# Stand alone controllers?



## Sickie Ickie (Jun 20, 2006)

Anyone have any good links to stand alone controllers?


----------



## Frighteners Entertainment (Jan 24, 2006)

What type are you thinking of?


----------



## Sickie Ickie (Jun 20, 2006)

No idea. This is my first delve into looking at this stuff. Basically something I can program some servo movements into and have it be disconnected from the computer. Mostly pricing and learning atm.


----------



## mroct31 (Nov 10, 2007)

I'm thinking a Prop-1 could be used for this:
http://www.efx-tek.com/topics/prop-1.html


----------



## Brad Green (Jul 29, 2004)

Prop1 or the newer Prop2 is a real good choice to get you going. Jon at EFX will even help you set up your program and it's really hard to beat the support program they have! Jon walked me through the whole process and I can't even program a DVD player!


----------



## bradbaum (Jul 26, 2008)

I would agree EFX-TEK.

The Prop-SX is supposed be really good for servos.

There is a sale going on right now as well this is a repost from creepcrafters:

>
> EFX-TEK is having a holiday sale on their most popular products. The sale is
> good through Christmas day or while supplies last. There or no minimum or
> maximum quantities to purchase to get the sale price.
>
> www.efx-tek. com
>
> Prop-1: $39.95 --> $29.95
> Prop-2: $99.95 --> $74.95
> Prop-SX: $99.95 --> $74.95
> DC-16: $29.95 --> $22.50
> FC-4: $89.95 --> $67.50
> Prop-1 Trainer: $9.95 --> $5.00
> 68" Extension Cable: $8.00 --> $5.00
>
> Great savings, from a Great company!
>


----------



## randyaz (May 26, 2006)

If your considering a Prop... I recommend the Prop1 or Prop2 ( i prefer the Prop2 ). The PropSX is the best of the 3 and very powerful, especially with servos, but if your new to this it is advanced for cutting you teeth on.

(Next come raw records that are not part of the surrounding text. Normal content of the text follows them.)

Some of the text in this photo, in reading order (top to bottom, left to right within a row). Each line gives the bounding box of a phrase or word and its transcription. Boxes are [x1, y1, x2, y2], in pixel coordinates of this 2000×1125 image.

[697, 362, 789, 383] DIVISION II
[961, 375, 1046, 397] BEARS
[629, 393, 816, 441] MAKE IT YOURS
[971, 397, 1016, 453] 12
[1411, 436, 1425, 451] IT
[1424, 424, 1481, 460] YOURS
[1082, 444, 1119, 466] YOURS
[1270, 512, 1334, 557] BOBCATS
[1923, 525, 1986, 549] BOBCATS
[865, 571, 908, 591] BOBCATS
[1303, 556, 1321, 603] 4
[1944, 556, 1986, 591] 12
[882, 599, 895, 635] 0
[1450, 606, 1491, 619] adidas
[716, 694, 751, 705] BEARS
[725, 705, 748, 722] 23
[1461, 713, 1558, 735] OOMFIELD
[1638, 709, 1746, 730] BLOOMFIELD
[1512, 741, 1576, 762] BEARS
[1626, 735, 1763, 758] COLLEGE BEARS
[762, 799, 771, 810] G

But which ever you choose you will have the ultimate in support.


----------



## Sickie Ickie (Jun 20, 2006)

Thanks guys. I'm still trying to decide stand alones, or computer driven. At the moment, I'm leaning more toward computer driven.


----------



## hpropman (Jul 27, 2008)

If you are trying to do a show then computer driven will be easier. A stand alone can do it also be you might need several to do what you need and they would need to be able to communicate with each other and or to a servo control board. Not something a would recommend for a beginner. After you you have learned to program a controller then you can try more advanced stuff with them. That is why I love the picaxe chips $3 - $10 each vs $75 for a prop 2. There is nothing that a prop 2 can do that a picaxe can not. You will have to solder them to a circuit board though. But that is not hard. When you are ready to try these things start with a prop one (only because they are ready out of the box) and then when your are ready and your skills develop jump over to the picaxe the programing is very similar and they are just as easy to use. check my website for more information.


----------



## bradbaum (Jul 26, 2008)

I ordered a PICAXE08M a few days ago to experiment with.

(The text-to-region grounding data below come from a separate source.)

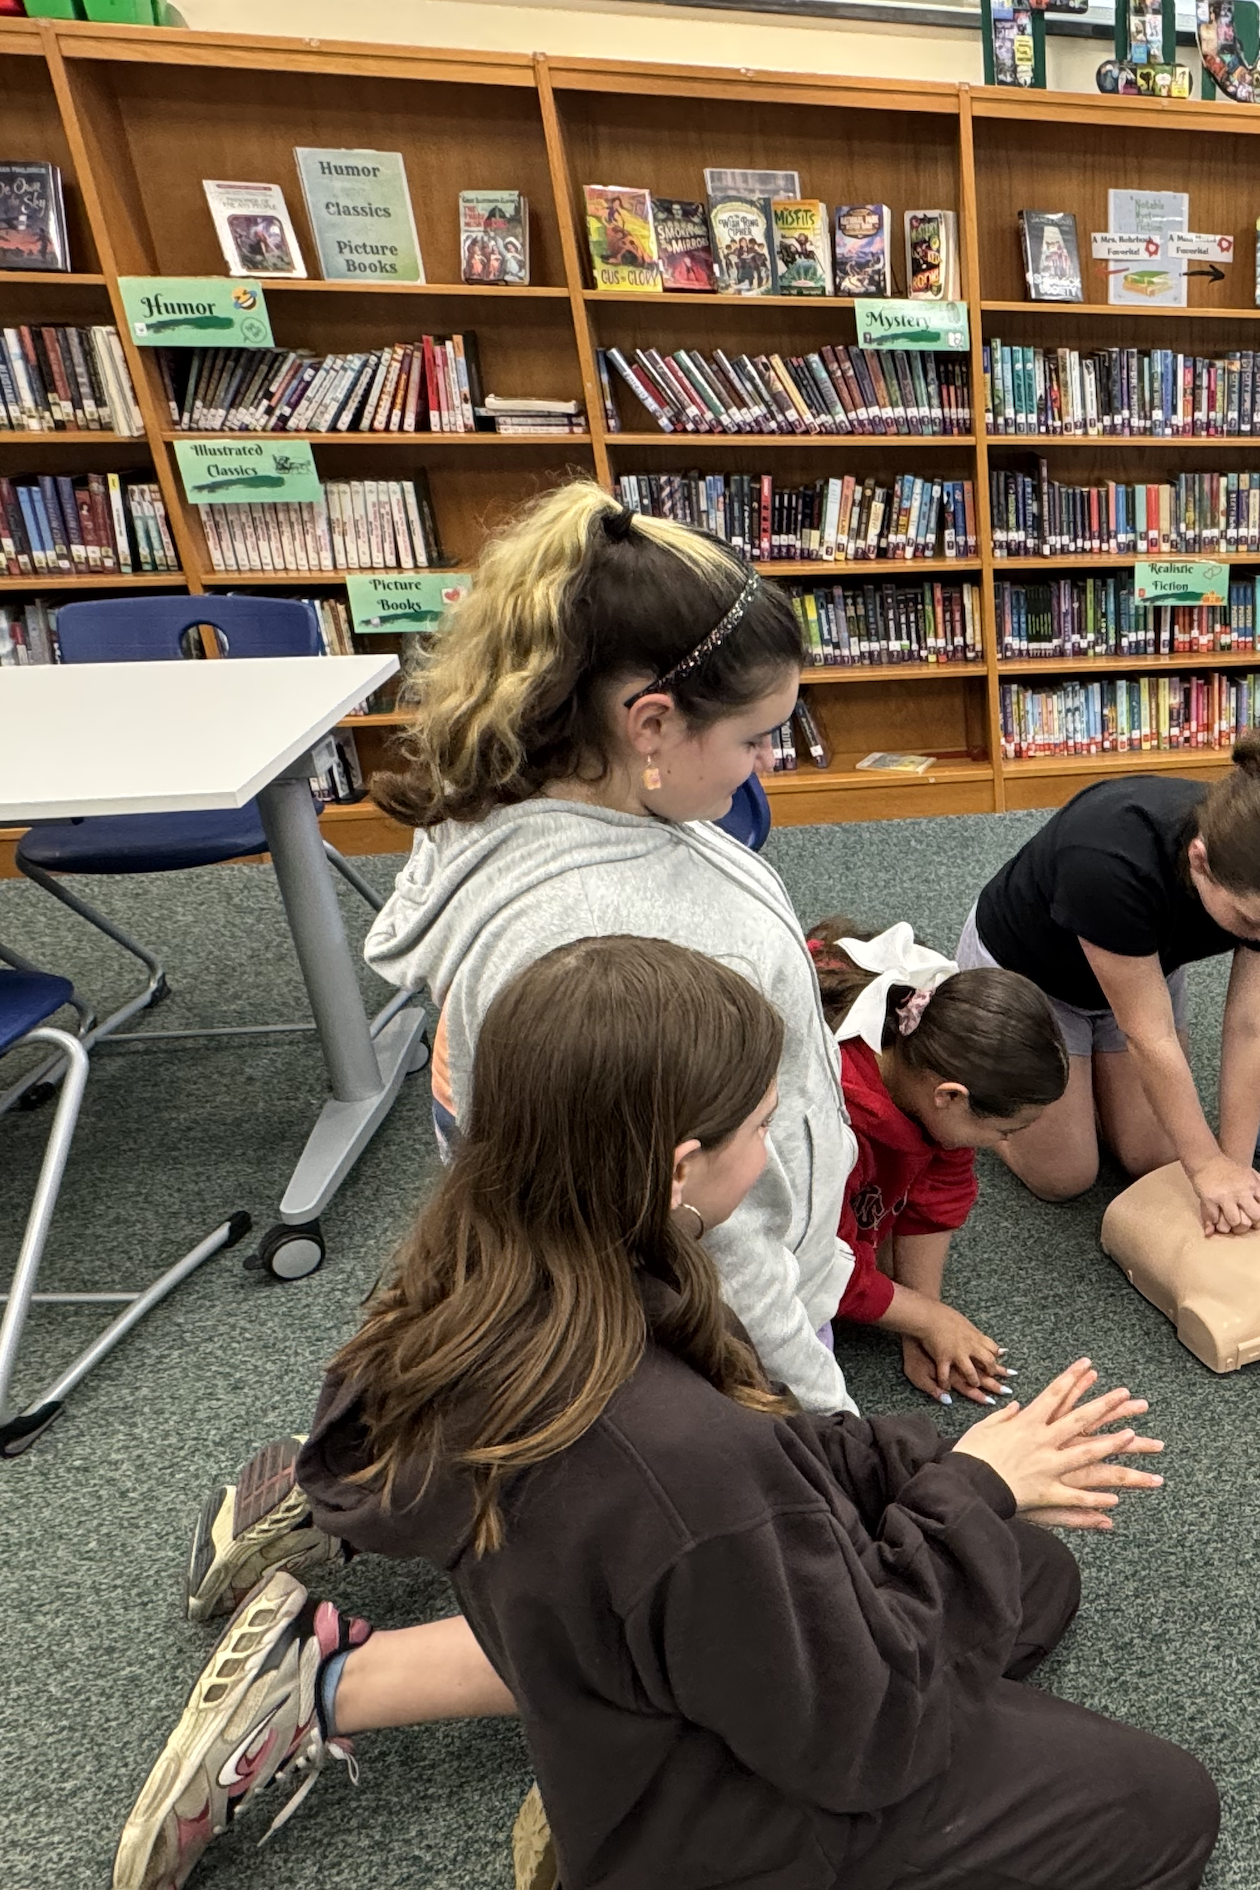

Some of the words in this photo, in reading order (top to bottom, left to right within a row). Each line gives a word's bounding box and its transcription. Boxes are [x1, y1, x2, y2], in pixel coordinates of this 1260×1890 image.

[318, 160, 380, 178] Humor
[325, 201, 392, 218] Classics
[336, 239, 399, 256] Picture
[344, 258, 398, 274] Books
[600, 268, 620, 285] GUS
[627, 269, 660, 288] GLORY
[140, 292, 217, 319] Humor
[865, 309, 932, 332] Mystery
[190, 443, 263, 457] Illustrated
[207, 463, 258, 478] Classics
[1148, 562, 1194, 575] Realistic
[368, 578, 422, 591] Picture
[1151, 580, 1189, 592] Fiction
[376, 598, 423, 613] Books

By the time you add the cost of the PCB, voltage regulator and other required parts you are at the cost of the Prop-1.

I downloaded the free software for the PICAXE and I do like it, the simulate mode is really cool, It allows you to turn the inputs on and off and set the analog input values then you can watch the program run and see if you have made any mistakes.

When the chip gets here, I'll prototype the circuit and see if everything works. Then I can run a total on the parts required for this type of prop controller.


----------



## hpropman (Jul 27, 2008)

I recommend that you start off with 3 AA batteries in a clip. If you lose your groud on the regulator it will jump to 7 volts I almost lost a chip doing this. Radio shack has a 4 battery clip just place a rod or screw in on of the cell spaces. you want 4.5 volts (3 AA cells) See my Microcontroller 101 doc on my website for more information it is also in the picaxe manual. I started with Peter Anderson's 08M board and ran a jumper cable to a solderless breadboard.

This is a nice starting point:
http://www.hvwtech.com/products_view.asp?ProductID=497

so is this:
http://www.phanderson.com/picaxe/index.html
Protoboard for PICAXE-08. Assembled and tested. $13.95. 
Protoboard for PICAXE-08. Kit. Assembly instructions- $7.95. 
(these require a 7.5 volt to 9 volt DC adapter and a 9 pin serial cable)
these can also be modified to plug into or run a cable over to a breadboard.

this is nice also:
http://www.hvwtech.com/products_view.asp?ProductID=287
this will work with this if you do not have one.
http://www.hvwtech.com/products_view.asp?ProductID=314
Note: even though it says 6 volts it is unregulated so it is probably 8 or 9 volts.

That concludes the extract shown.